Segment Start: RECORDS SHOWN

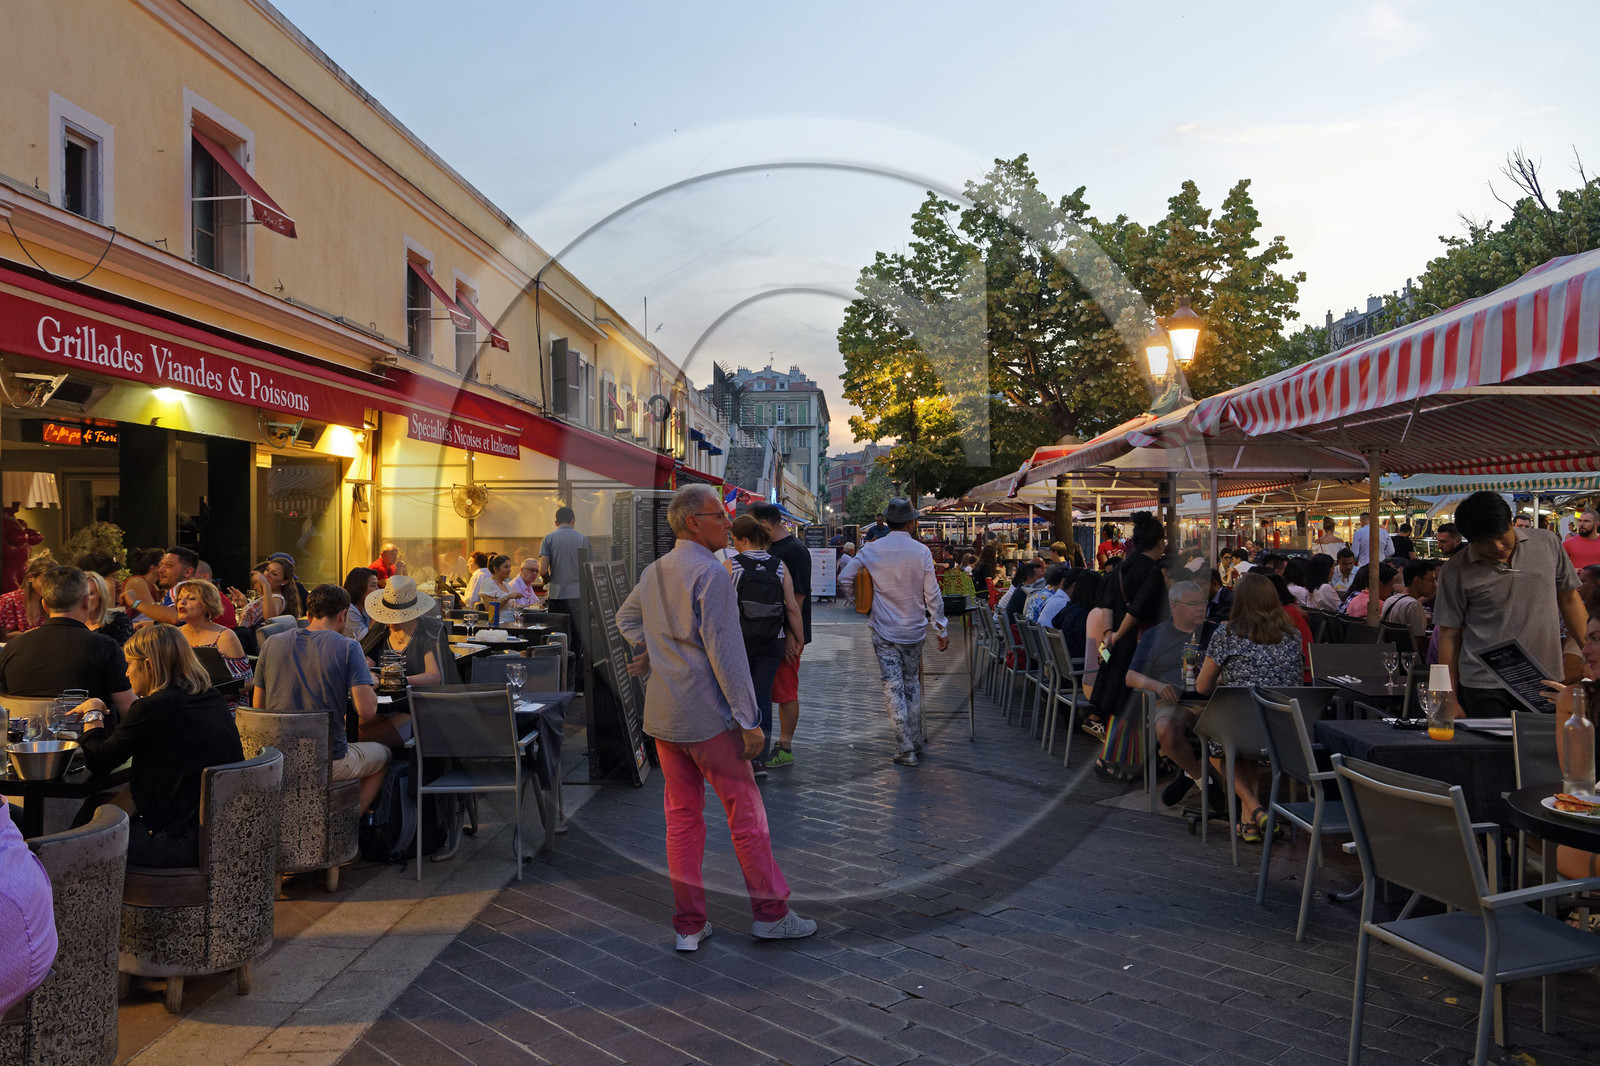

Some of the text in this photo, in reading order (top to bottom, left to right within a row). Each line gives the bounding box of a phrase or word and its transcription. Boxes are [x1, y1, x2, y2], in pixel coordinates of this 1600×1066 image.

[37, 315, 310, 412] Grillades Viandes & Poissons
[94, 430, 118, 443] Fiori
[412, 413, 518, 456] Spécialités Niçoises et Italiennes
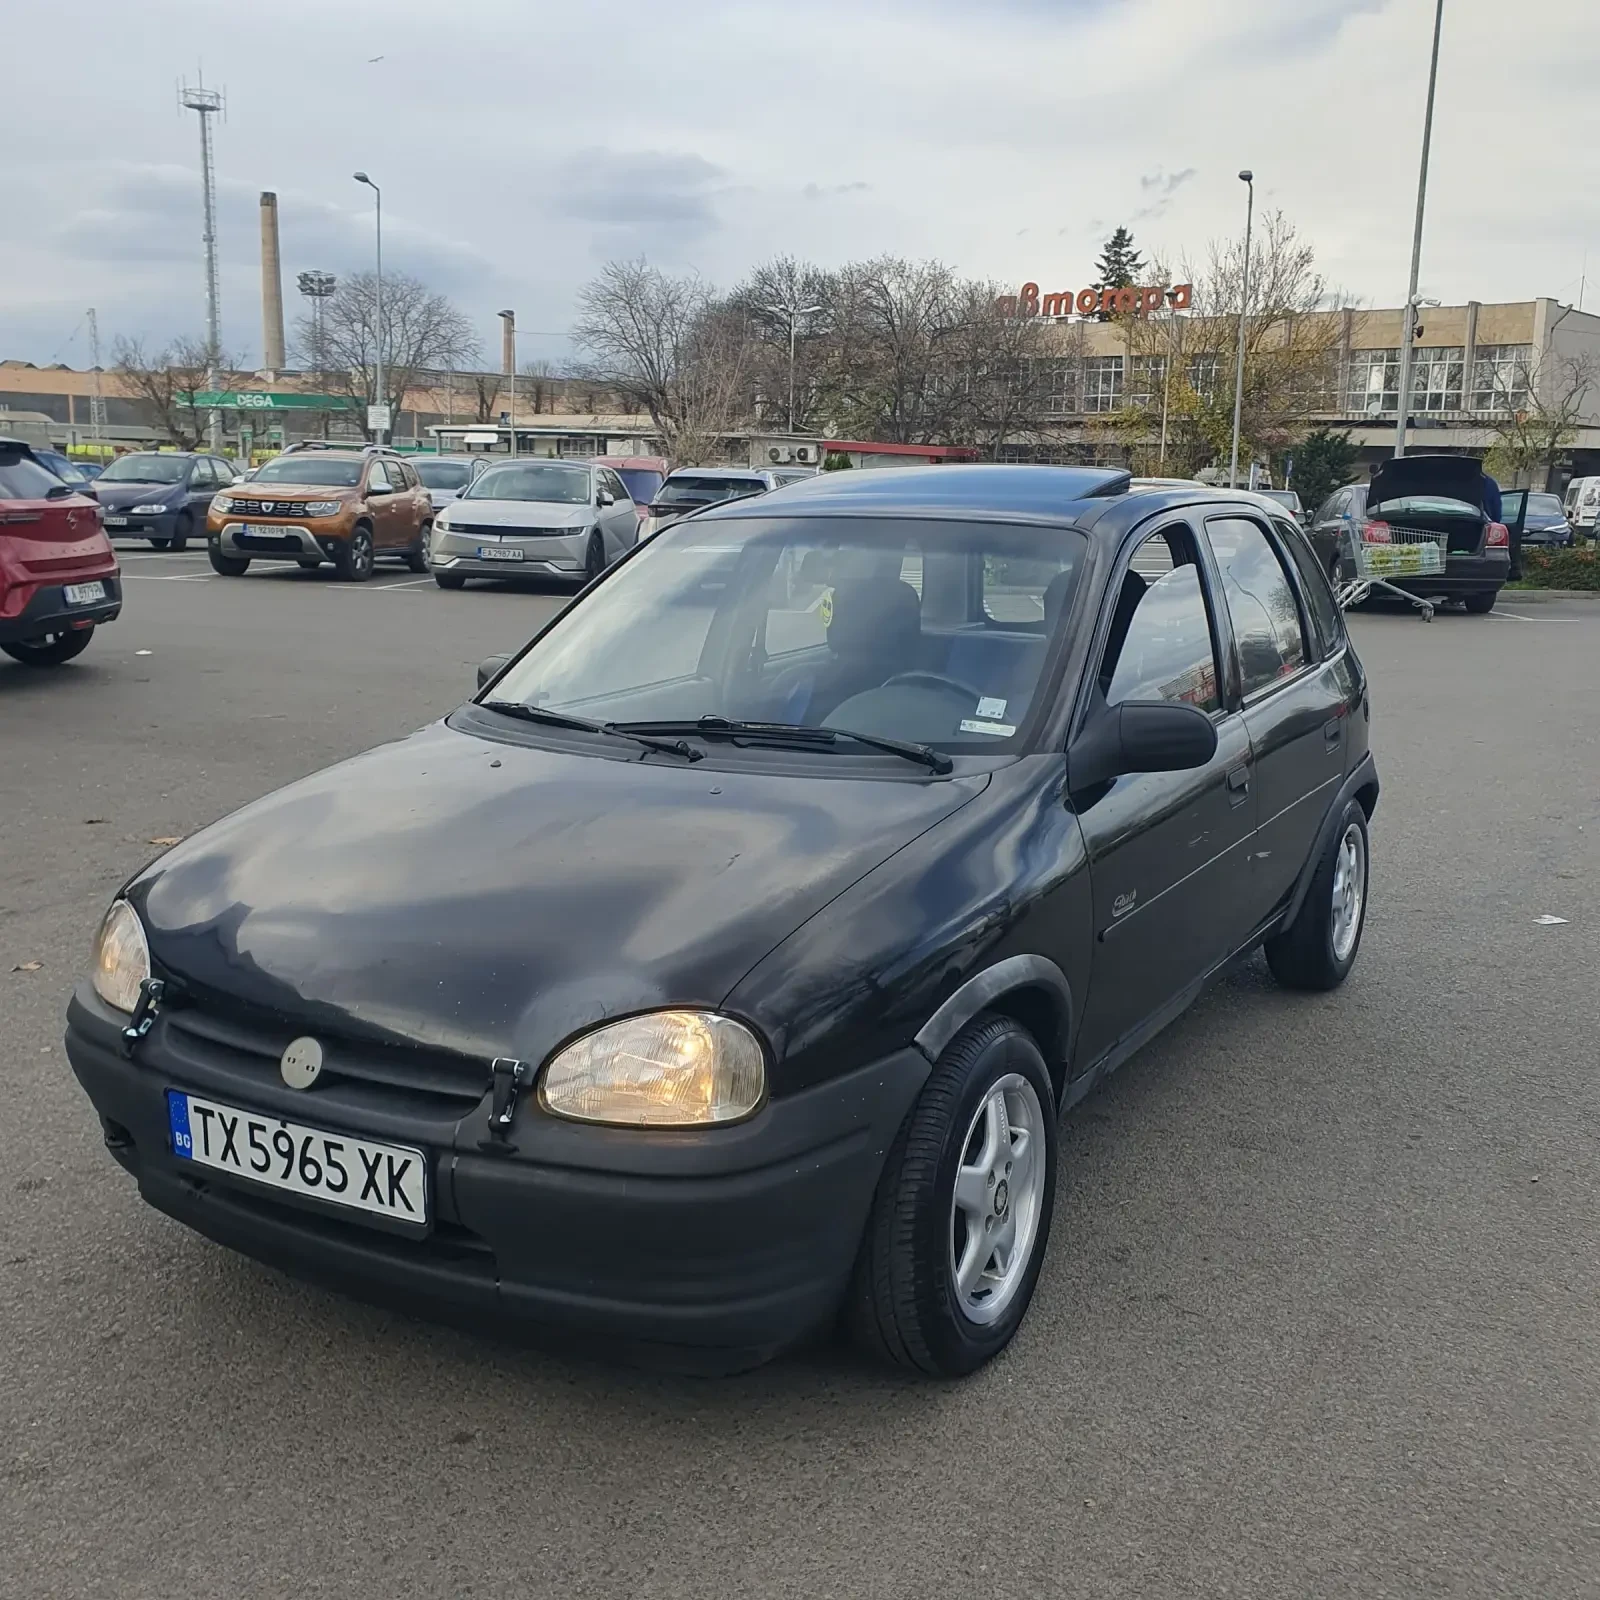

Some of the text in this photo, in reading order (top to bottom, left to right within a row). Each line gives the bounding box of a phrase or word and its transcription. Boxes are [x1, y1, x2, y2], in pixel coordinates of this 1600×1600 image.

[493, 549, 511, 557] 2987
[175, 1131, 191, 1149] BG
[193, 1105, 415, 1212] TX 5965 XK

Segment End: RECORDS SHOWN

▶ _TASK INSTRUCTIONS_
All the lines above should be reproduced exactly, and none of the pictures.

▶ _SOLUTION TO THIS EXERCISE_
Some of the text in this photo, in reading order (top to bottom, left to right within a row). Each line gives the bounding box of a phrase or word and its transcription. Boxes are [x1, y1, x2, y2], in pixel coordinates of this 1600×1066 image.

[37, 315, 310, 412] Grillades Viandes & Poissons
[94, 430, 118, 443] Fiori
[412, 413, 518, 456] Spécialités Niçoises et Italiennes

Some of the text in this photo, in reading order (top to bottom, left to right within a row). Each line gives the bounding box of a phrase or word and its transcription. Boxes are [x1, y1, x2, y2], in pixel coordinates of this 1600×1600 image.

[493, 549, 511, 557] 2987
[175, 1131, 191, 1149] BG
[193, 1105, 415, 1212] TX 5965 XK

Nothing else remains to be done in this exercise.